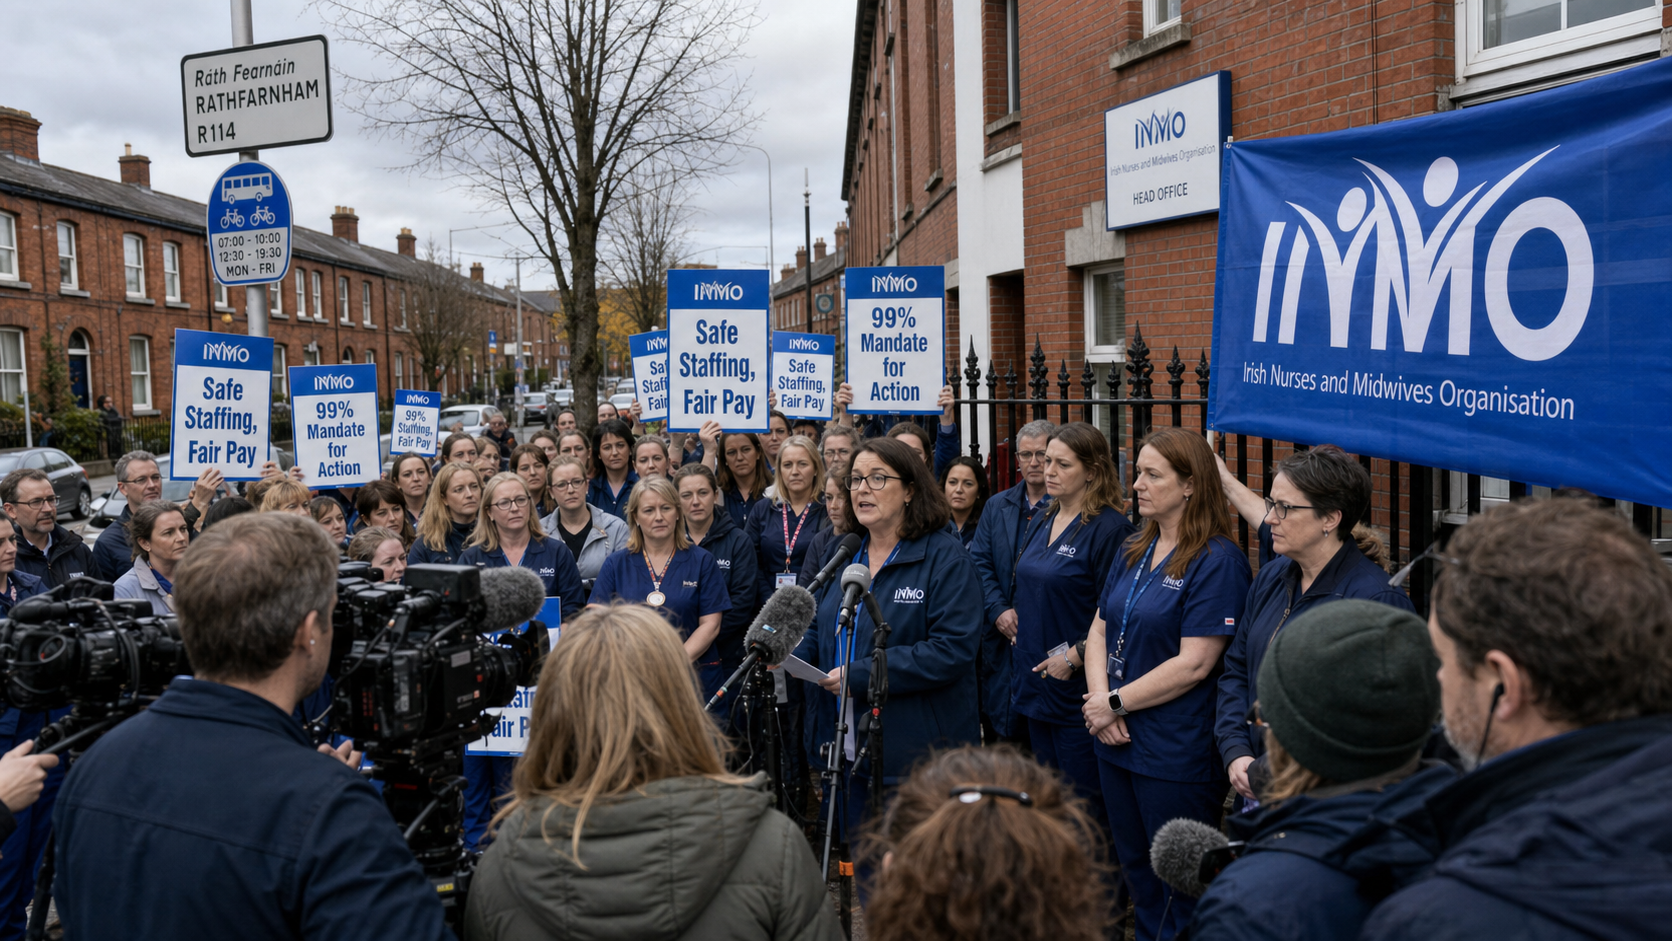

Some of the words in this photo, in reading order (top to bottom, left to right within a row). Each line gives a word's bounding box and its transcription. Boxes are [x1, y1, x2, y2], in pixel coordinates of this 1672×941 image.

[195, 67, 227, 87] Ráth
[233, 58, 295, 82] Fearnáin
[196, 79, 319, 114] RATHFARNHAM
[197, 121, 236, 144] R114
[1135, 107, 1186, 149] INMO
[1140, 157, 1151, 169] and
[1132, 189, 1155, 206] HEAD
[1157, 182, 1188, 201] OFFICE
[218, 235, 244, 248] 07:00
[255, 232, 281, 244] 10:00
[219, 249, 244, 262] 12:30
[255, 247, 281, 259] 19:30
[1252, 144, 1594, 362] INMO
[226, 265, 248, 277] MON
[259, 262, 275, 274] FRI
[694, 280, 743, 300] INMO
[871, 272, 918, 293] INMO
[871, 306, 916, 328] 99%
[696, 319, 738, 344] Safe
[203, 341, 250, 363] INMO
[789, 337, 820, 350] INMO
[860, 332, 928, 353] Mandate
[679, 352, 755, 382] Staffing,
[788, 359, 816, 374] Safe
[883, 356, 906, 377] for
[202, 376, 243, 401] Safe
[314, 373, 354, 390] INMO
[778, 375, 826, 394] Staffing,
[870, 381, 920, 402] Action
[1243, 361, 1267, 385] Irish
[1270, 364, 1316, 392] Nurses
[1320, 370, 1348, 394] and
[1352, 371, 1433, 405] Midwives
[1439, 379, 1575, 421] Organisation
[316, 400, 354, 419] 99%
[684, 389, 717, 414] Fair
[722, 389, 755, 420] Pay
[781, 394, 802, 408] Fair
[804, 394, 824, 412] Pay
[184, 405, 257, 435] Staffing,
[405, 409, 427, 422] 99%
[307, 422, 365, 439] Mandate
[327, 442, 347, 458] for
[398, 435, 414, 447] Fair
[416, 436, 431, 450] Pay
[188, 440, 221, 464] Fair
[226, 440, 257, 468] Pay
[318, 460, 361, 477] Action
[894, 586, 925, 600] INMO

**EXERCISE:**
In your copy, the listing above should appear word for word, with no images.

**SOLVED PROBLEM:**
Some of the words in this photo, in reading order (top to bottom, left to right within a row). Each line gives a word's bounding box and its transcription. Boxes are [x1, y1, x2, y2], in pixel coordinates of this 1672×941 image.

[195, 67, 227, 87] Ráth
[233, 58, 295, 82] Fearnáin
[196, 79, 319, 114] RATHFARNHAM
[197, 121, 236, 144] R114
[1135, 107, 1186, 149] INMO
[1140, 157, 1151, 169] and
[1132, 189, 1155, 206] HEAD
[1157, 182, 1188, 201] OFFICE
[218, 235, 244, 248] 07:00
[255, 232, 281, 244] 10:00
[219, 249, 244, 262] 12:30
[255, 247, 281, 259] 19:30
[1252, 144, 1594, 362] INMO
[226, 265, 248, 277] MON
[259, 262, 275, 274] FRI
[694, 280, 743, 300] INMO
[871, 272, 918, 293] INMO
[871, 306, 916, 328] 99%
[696, 319, 738, 344] Safe
[203, 341, 250, 363] INMO
[789, 337, 820, 350] INMO
[860, 332, 928, 353] Mandate
[679, 352, 755, 382] Staffing,
[788, 359, 816, 374] Safe
[883, 356, 906, 377] for
[202, 376, 243, 401] Safe
[314, 373, 354, 390] INMO
[778, 375, 826, 394] Staffing,
[870, 381, 920, 402] Action
[1243, 361, 1267, 385] Irish
[1270, 364, 1316, 392] Nurses
[1320, 370, 1348, 394] and
[1352, 371, 1433, 405] Midwives
[1439, 379, 1575, 421] Organisation
[316, 400, 354, 419] 99%
[684, 389, 717, 414] Fair
[722, 389, 755, 420] Pay
[781, 394, 802, 408] Fair
[804, 394, 824, 412] Pay
[184, 405, 257, 435] Staffing,
[405, 409, 427, 422] 99%
[307, 422, 365, 439] Mandate
[327, 442, 347, 458] for
[398, 435, 414, 447] Fair
[416, 436, 431, 450] Pay
[188, 440, 221, 464] Fair
[226, 440, 257, 468] Pay
[318, 460, 361, 477] Action
[894, 586, 925, 600] INMO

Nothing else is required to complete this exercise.